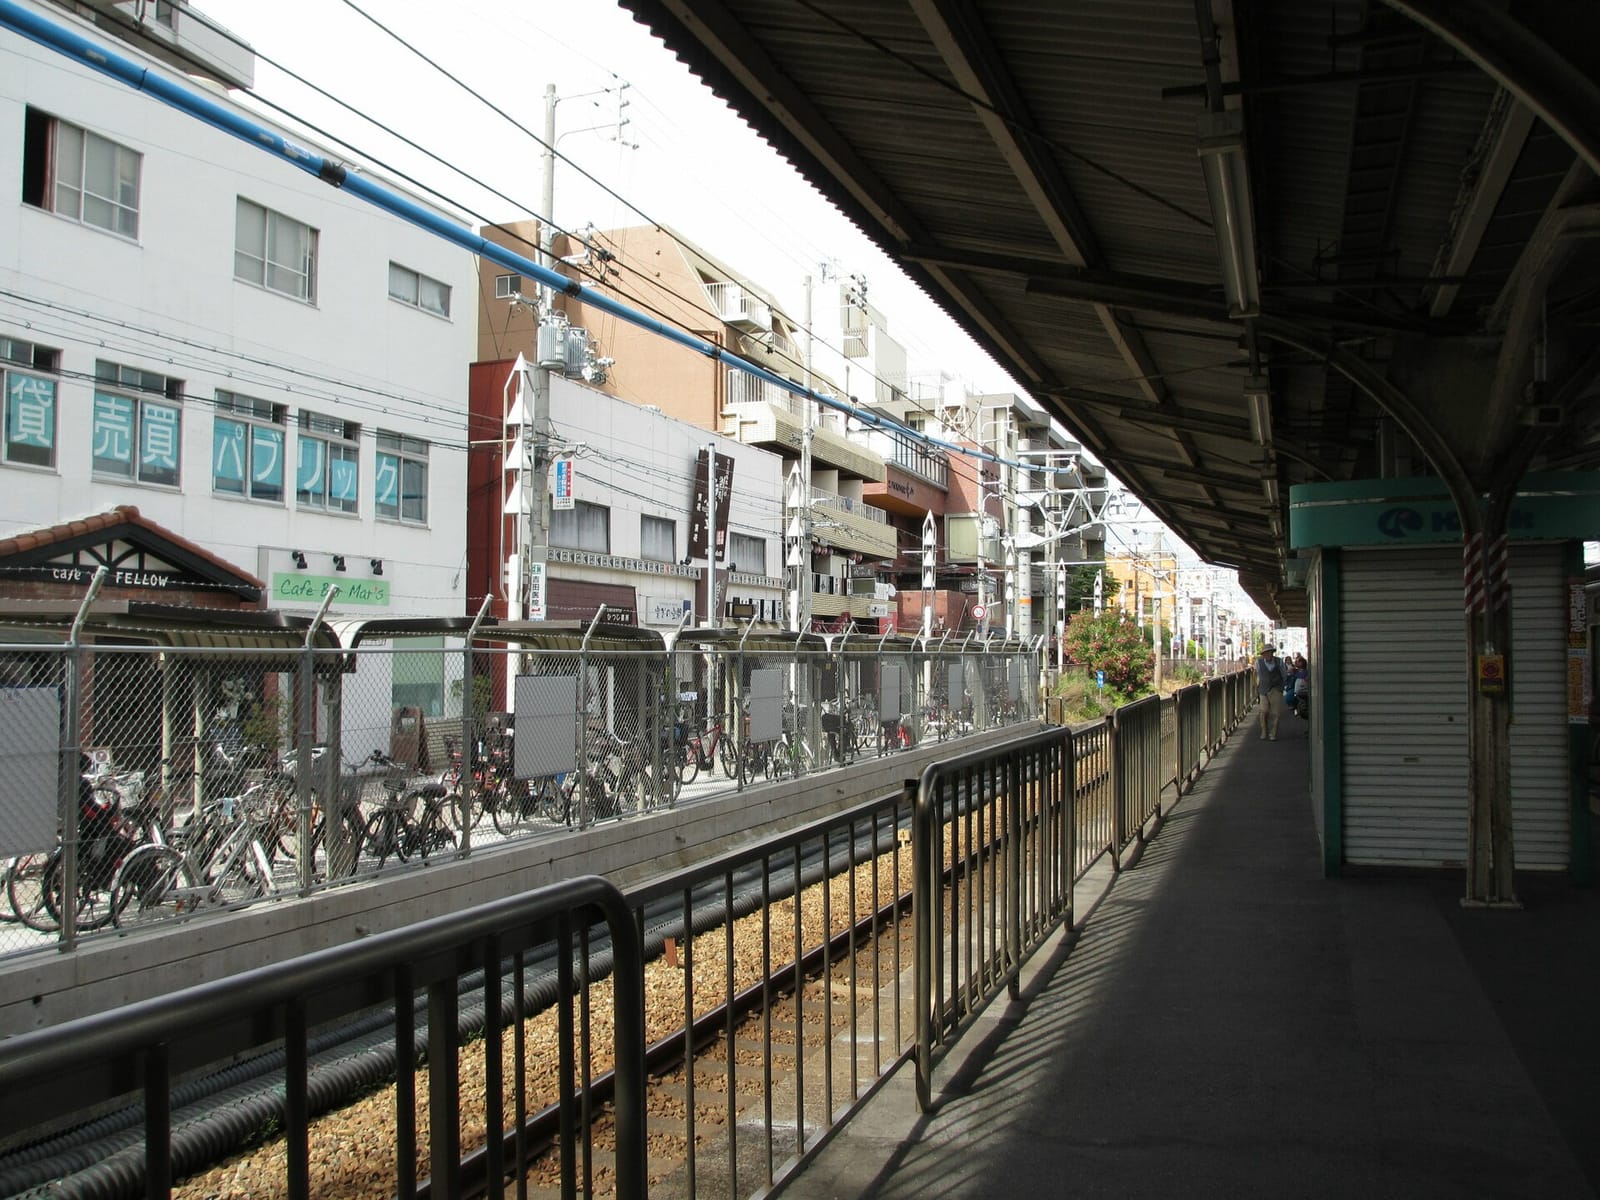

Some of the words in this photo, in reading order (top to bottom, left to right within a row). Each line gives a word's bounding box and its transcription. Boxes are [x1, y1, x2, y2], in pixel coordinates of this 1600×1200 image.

[11, 378, 53, 448] 貸
[93, 397, 177, 470] 売買
[216, 424, 398, 503] パブリック
[115, 571, 169, 587] FELLOW
[280, 578, 313, 597] Cafe
[349, 584, 384, 601] Mar's

■ ■ ■ ■ ■ ■ ■

• Assignment
Omit the pictures, then quote the rest of the material above exactly.

• Answer space
Some of the words in this photo, in reading order (top to bottom, left to right within a row). Each line gives a word's bounding box and its transcription. Boxes are [x1, y1, x2, y2], in pixel coordinates of this 1600×1200 image.

[11, 378, 53, 448] 貸
[93, 397, 177, 470] 売買
[216, 424, 398, 503] パブリック
[115, 571, 169, 587] FELLOW
[280, 578, 313, 597] Cafe
[349, 584, 384, 601] Mar's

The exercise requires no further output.